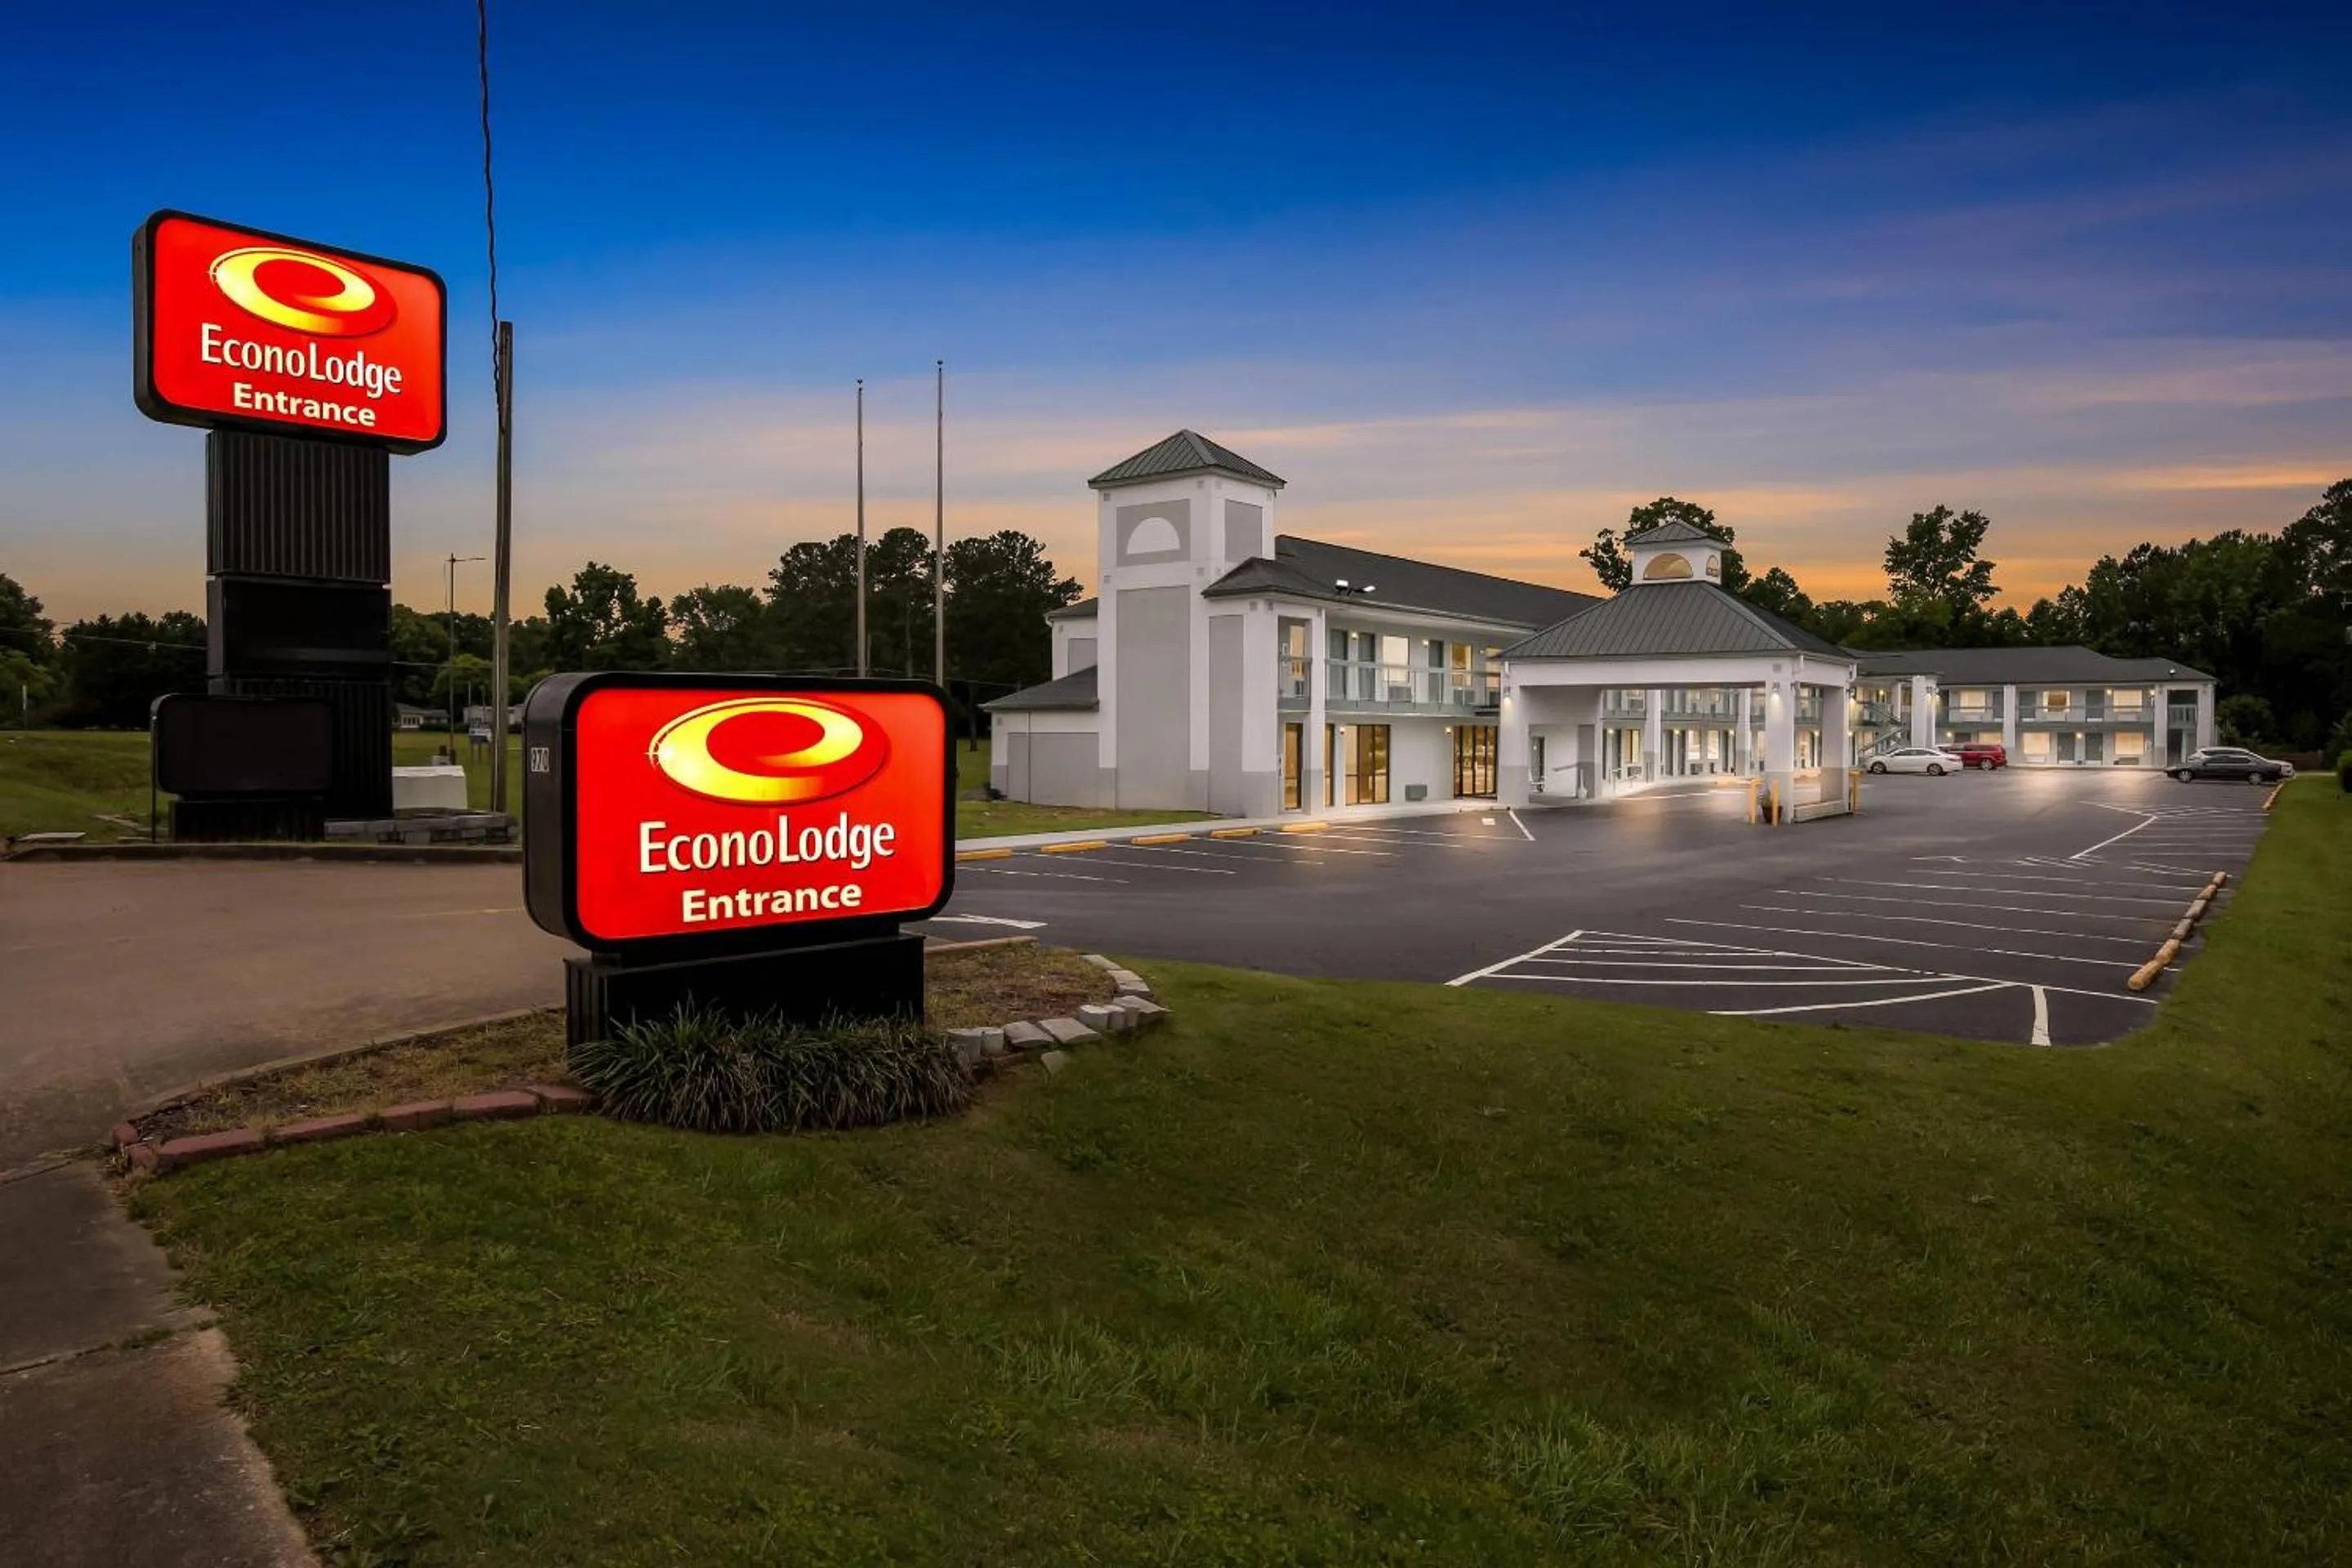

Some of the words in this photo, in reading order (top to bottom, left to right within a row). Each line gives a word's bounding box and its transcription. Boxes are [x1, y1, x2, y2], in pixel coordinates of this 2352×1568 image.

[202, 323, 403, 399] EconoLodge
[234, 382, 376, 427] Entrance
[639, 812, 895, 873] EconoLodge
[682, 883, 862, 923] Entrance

- [Try it]:
Leaving the pictures out, give back each line above exactly.

- [Response below]:
Some of the words in this photo, in reading order (top to bottom, left to right within a row). Each line gives a word's bounding box and its transcription. Boxes are [x1, y1, x2, y2], in pixel coordinates of this 2352×1568 image.

[202, 323, 403, 399] EconoLodge
[234, 382, 376, 427] Entrance
[639, 812, 895, 873] EconoLodge
[682, 883, 862, 923] Entrance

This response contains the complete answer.